## HOW TO COMPLETE THIS TASK
Set down the listing exactly as given, minus images.

#### RECORDS FOR THE TASK

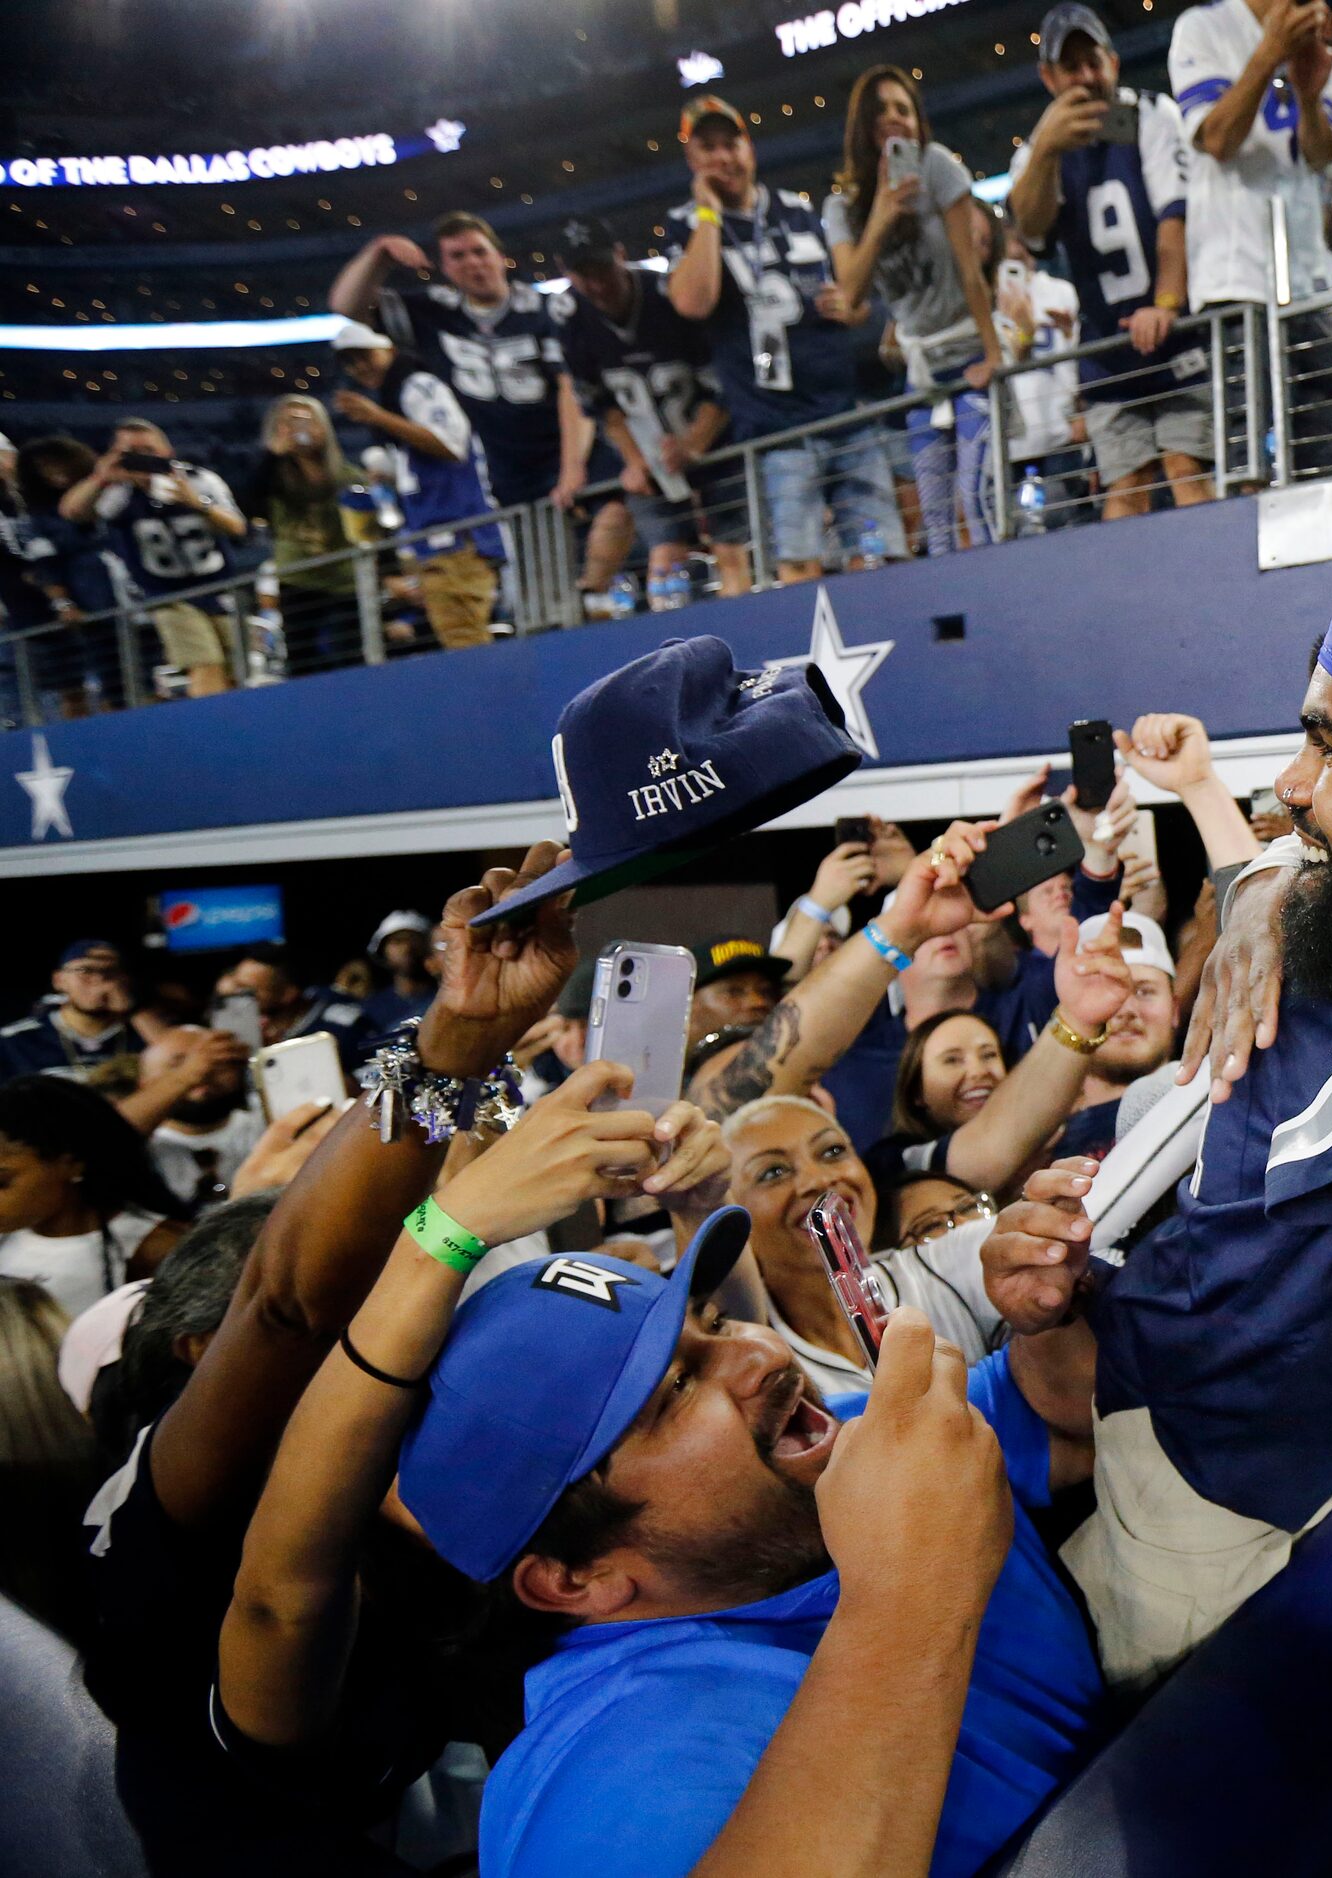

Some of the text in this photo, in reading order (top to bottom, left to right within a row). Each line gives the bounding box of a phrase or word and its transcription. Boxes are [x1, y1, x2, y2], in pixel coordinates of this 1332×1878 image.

[775, 10, 837, 57] THE
[9, 158, 58, 187] OF
[58, 156, 129, 185] THE
[128, 153, 251, 185] DALLAS
[248, 133, 397, 178] COWBOYS
[1087, 179, 1150, 305] 9
[438, 330, 546, 404] 55
[131, 515, 226, 579] 82
[627, 759, 726, 821] IRVIN
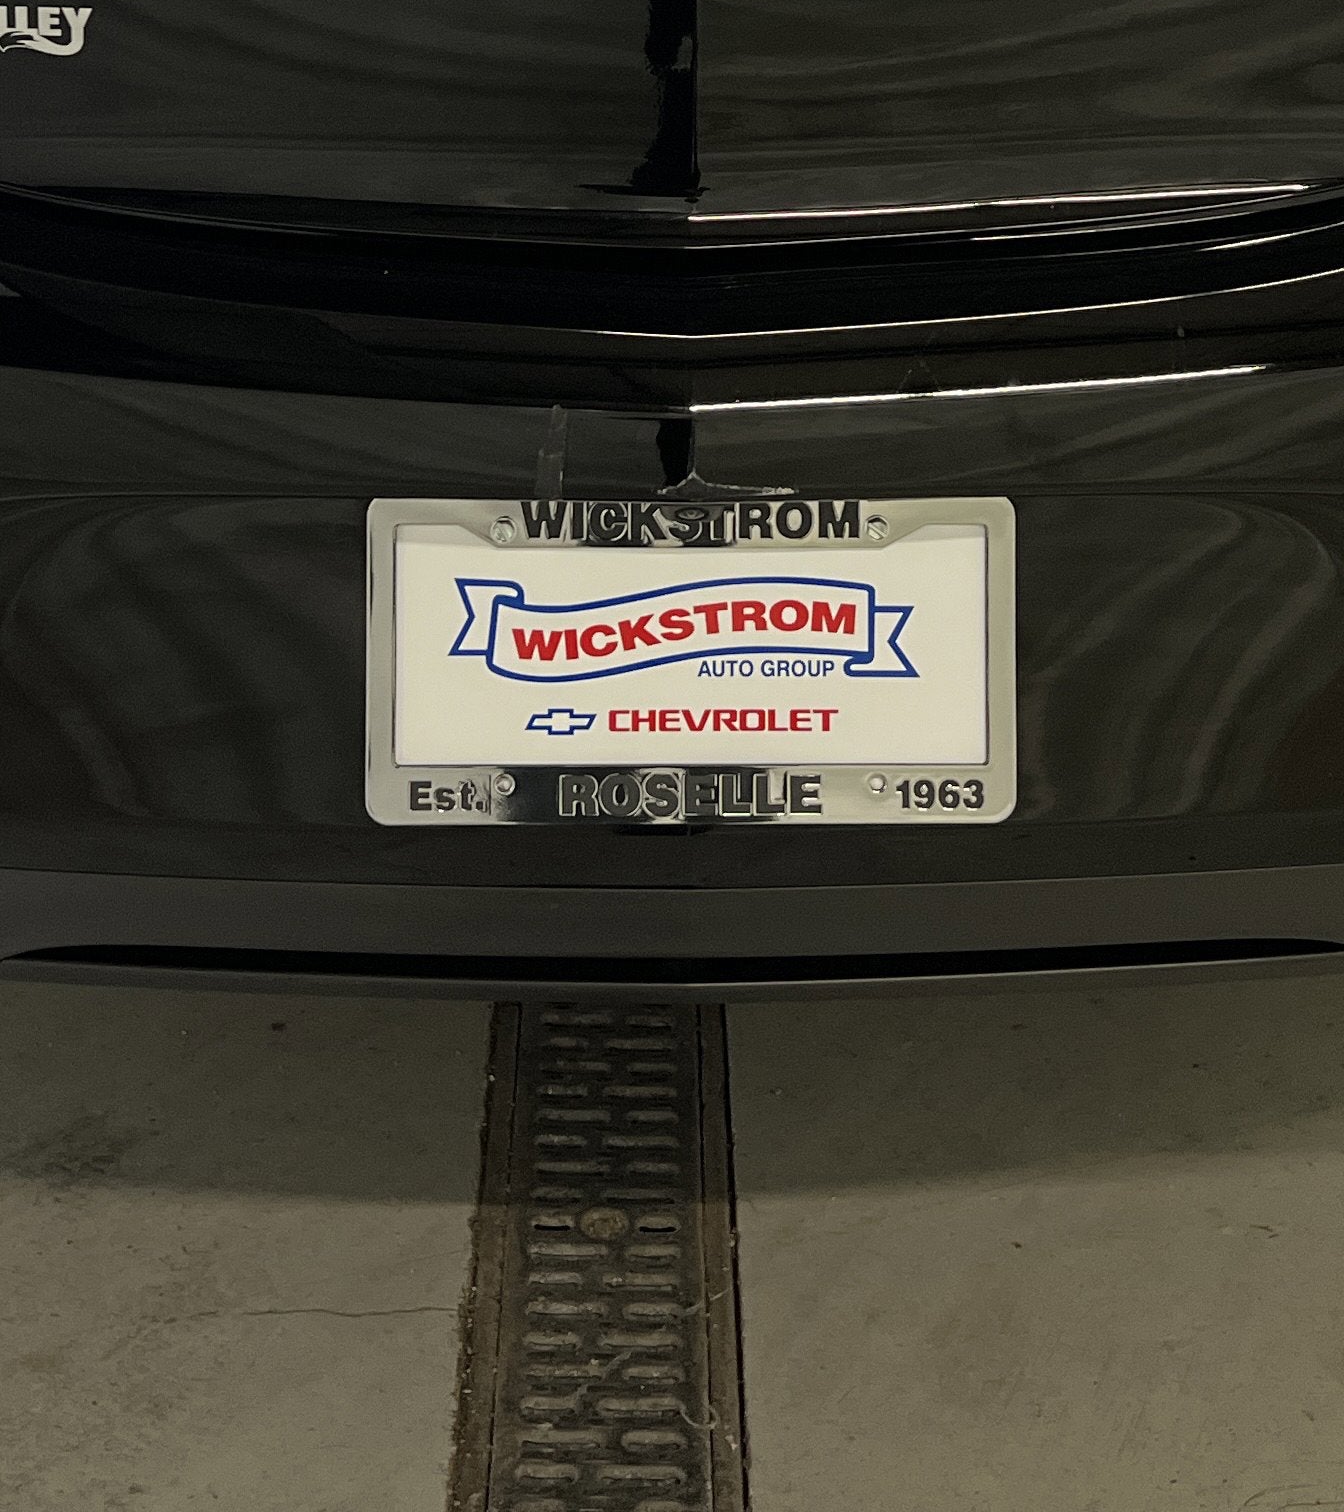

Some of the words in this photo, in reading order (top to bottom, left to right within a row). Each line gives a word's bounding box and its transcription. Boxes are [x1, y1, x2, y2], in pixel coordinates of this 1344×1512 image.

########

## SOLUTION TO THE PROBLEM
Some of the text in this photo, in reading order (top to bottom, left to right within a row). Each line gives the bounding box of a phrase or word and its transcription. Boxes are [x1, y1, x2, y2], in pixel coordinates of this 1332×1878 image.

[775, 10, 837, 57] THE
[9, 158, 58, 187] OF
[58, 156, 129, 185] THE
[128, 153, 251, 185] DALLAS
[248, 133, 397, 178] COWBOYS
[1087, 179, 1150, 305] 9
[438, 330, 546, 404] 55
[131, 515, 226, 579] 82
[627, 759, 726, 821] IRVIN

Some of the words in this photo, in reading order (top to bottom, left to right within a row). Each line gives a word's bounding box and its transcription. Boxes are [x1, y1, x2, y2], in pixel coordinates of this 1344×1512 image.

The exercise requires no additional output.